In response to the above problems, this paper proposes a DRL intelligent routing algorithm, GNN-DRL, based on graph neural network (GNN) [12] in the SDN environment. The algorithm adopts deep deterministic policy gradient (DDPG) [13] as the main frame, and uses GNN to replace the conventional neural network in DDPG to vectorize the attributes of network topology nodes and edges. GNN can use the dependencies in the network topology and the update function in DDPG to update the nodes and edges of the vectorized representation in real time. GNN-DRL can effectively generalize the training experience to different network topologies according to the structure of the input and output of the variable dimension of GNN while continuing to provide a more optimized routing scheme in the face of new network or network structure changes. Under different network traffic requirements, it can provide a good routing scheme to reduce the maximum link utilization and average end-to-end delay. The main contributions of this paper are as follows:

(1) Analyze the problems of poor QoS and weak generalization ability of traditional routing algorithms and current intelligent routing algorithms, and propose GNN-DRL intelligent routing algorithm to solve the problems of load balancing and generalization.

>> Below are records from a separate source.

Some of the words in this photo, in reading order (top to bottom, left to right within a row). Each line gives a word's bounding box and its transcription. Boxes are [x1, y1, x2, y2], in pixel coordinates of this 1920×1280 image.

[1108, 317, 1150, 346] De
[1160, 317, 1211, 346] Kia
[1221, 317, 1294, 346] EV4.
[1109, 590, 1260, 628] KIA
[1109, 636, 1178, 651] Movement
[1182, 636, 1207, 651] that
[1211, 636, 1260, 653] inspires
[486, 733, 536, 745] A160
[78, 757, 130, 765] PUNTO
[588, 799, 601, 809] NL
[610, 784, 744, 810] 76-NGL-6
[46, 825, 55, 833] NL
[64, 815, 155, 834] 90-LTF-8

(2) A DDPG algorithm framework suitable for load balancing and generalization in intelligent routing is proposed, and GNN is adapted for network topology replacement, network interruption, or failure.

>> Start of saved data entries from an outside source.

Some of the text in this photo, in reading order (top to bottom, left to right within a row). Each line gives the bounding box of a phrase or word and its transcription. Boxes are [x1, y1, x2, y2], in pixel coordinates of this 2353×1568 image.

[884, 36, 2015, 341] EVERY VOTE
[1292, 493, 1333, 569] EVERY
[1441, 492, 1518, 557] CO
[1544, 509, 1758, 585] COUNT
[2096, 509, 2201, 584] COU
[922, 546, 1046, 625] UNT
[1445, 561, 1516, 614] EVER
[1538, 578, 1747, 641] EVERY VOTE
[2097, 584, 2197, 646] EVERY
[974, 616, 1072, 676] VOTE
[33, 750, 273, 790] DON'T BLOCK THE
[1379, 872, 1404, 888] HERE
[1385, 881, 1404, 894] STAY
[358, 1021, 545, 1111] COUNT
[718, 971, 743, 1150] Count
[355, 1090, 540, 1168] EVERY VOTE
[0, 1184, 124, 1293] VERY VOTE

(3) Using the experimental environment of various traffic loads and constructing different network topologies, the intelligent routing algorithm is deployed to compare and verify the optimization effect of the GNN-DRL routing algorithm.

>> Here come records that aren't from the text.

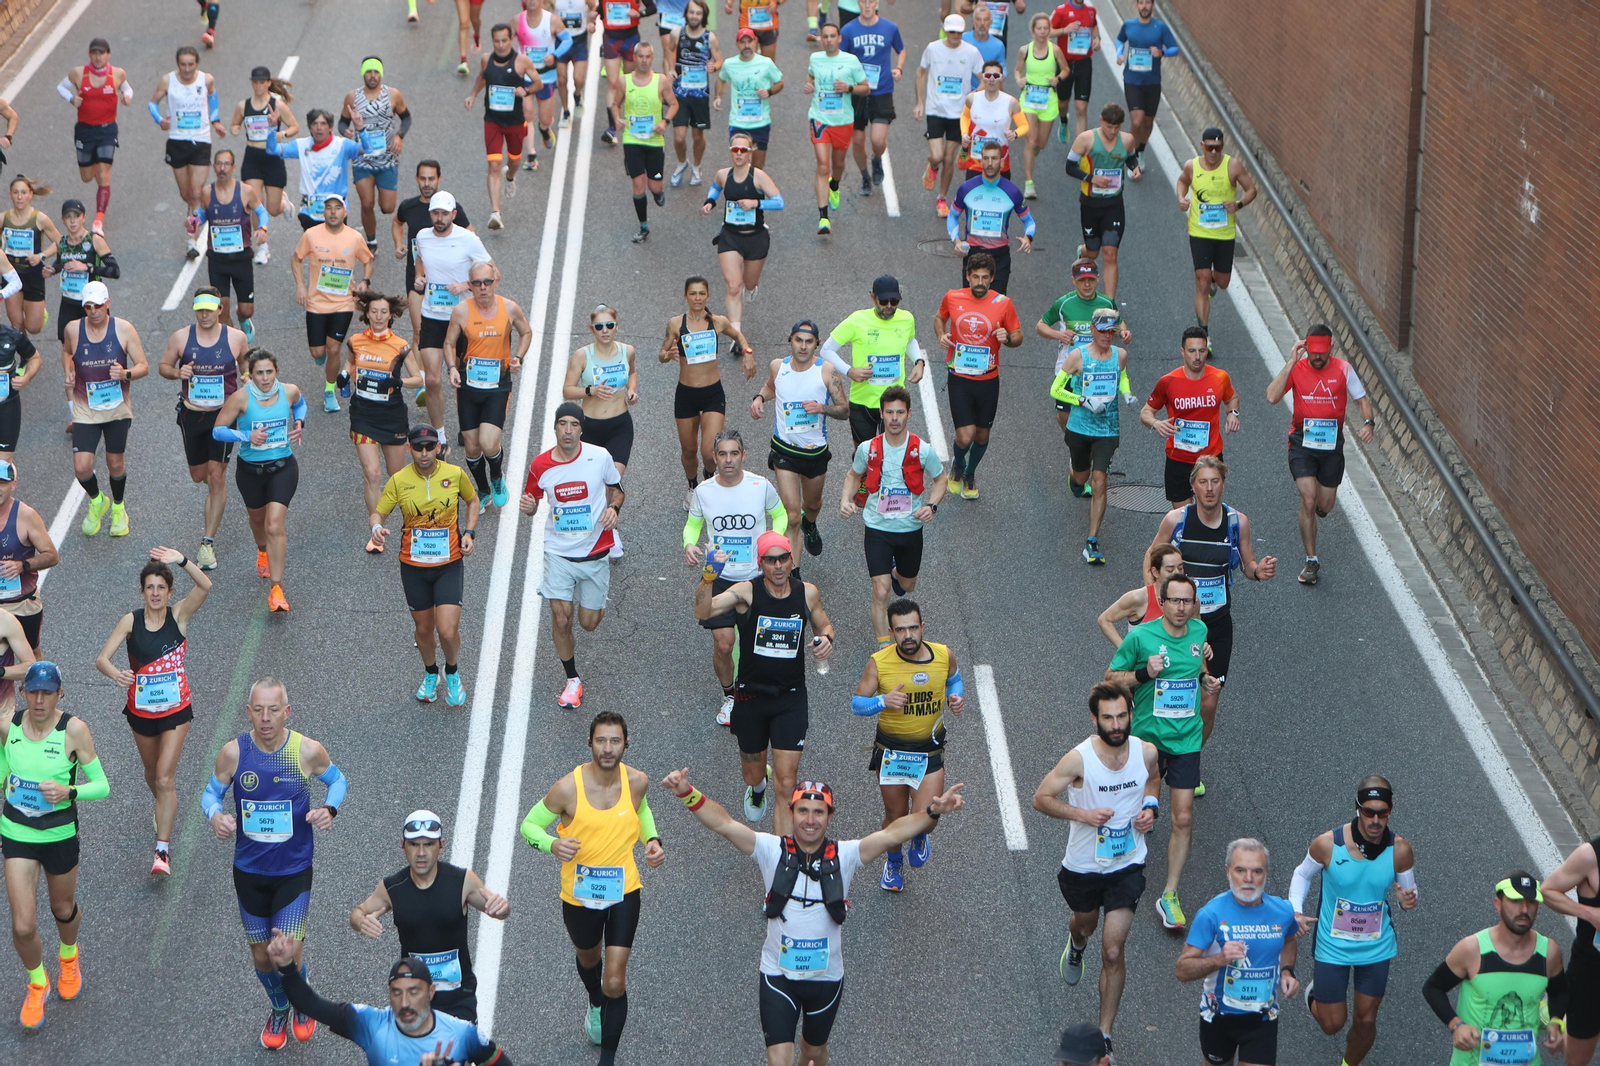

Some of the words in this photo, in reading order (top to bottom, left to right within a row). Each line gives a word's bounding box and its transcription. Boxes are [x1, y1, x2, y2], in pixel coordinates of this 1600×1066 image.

[853, 34, 885, 48] DUKE
[694, 332, 711, 340] ZURICH
[605, 365, 623, 373] ZURICH
[369, 372, 387, 380] ZURICH
[98, 380, 115, 388] ZURICH
[1174, 395, 1216, 411] CORRALES
[1186, 423, 1206, 431] ZURICH
[565, 507, 586, 515] ZURICH
[1202, 579, 1222, 587] ZURICH
[774, 621, 798, 629] ZURICH
[1163, 656, 1170, 668] 3
[149, 675, 173, 685] ZURICH
[150, 690, 164, 698] 6284
[903, 705, 915, 716] DA
[899, 755, 922, 763] ZURICH
[1109, 784, 1123, 792] REST
[1353, 903, 1379, 912] ZURICH
[1231, 924, 1270, 933] EUSKADI
[1232, 932, 1257, 940] BASQUE
[797, 941, 823, 949] ZURICH
[426, 954, 453, 965] ZURICH
[1244, 970, 1270, 979] ZURICH
[1241, 985, 1257, 993] 5111
[1501, 1032, 1529, 1041] ZURICH
[1499, 1048, 1517, 1056] 4277

The remaining part of the article is organized as follows: Section 2 describes the current research status of intelligent routing algorithms and introduces GNN; Section 3 defines the routing rules and builds the GNN-DRL intelligent routing framework; Section 4 describes the GNN-DRL intelligent routing scheme in detail; and Section 5 verifies the load balancing ability and generalization of GNN-DRL through experiments. Finally, Section 6 summarizes the findings of the paper.

2. Related Works

2.1. Intelligent Routing Algorithms

The current intelligent routing algorithms based on machine learning are mainly divided into three categories: intelligent routing algorithms based on supervised learning, intelligent routing algorithms based on unsupervised learning, and intelligent routing algorithms based on reinforcement learning. Among them, the unsupervised learning method only needs to model by summarizing the rules of data feature information, avoiding the process of collecting prior knowledge. In [14], the authors studied a scheme based on unsupervised learning, using principal component analysis to extract network features and complete the analysis of network traffic characteristics, although manual design of routing strategies is required and the algorithm’s accuracy is low. The authors of [15] studied an opportunistic network routing algorithm based on a clustering algorithm, which was able to effectively improve the node search speed and adapt to the changing network topology quickly. However, this algorithm needs to further optimize the node clustering, and its environmental adaptability needs to be improved. For the above reasons, the performance of intelligent routing algorithms based on unsupervised learning remains difficult to guarantee.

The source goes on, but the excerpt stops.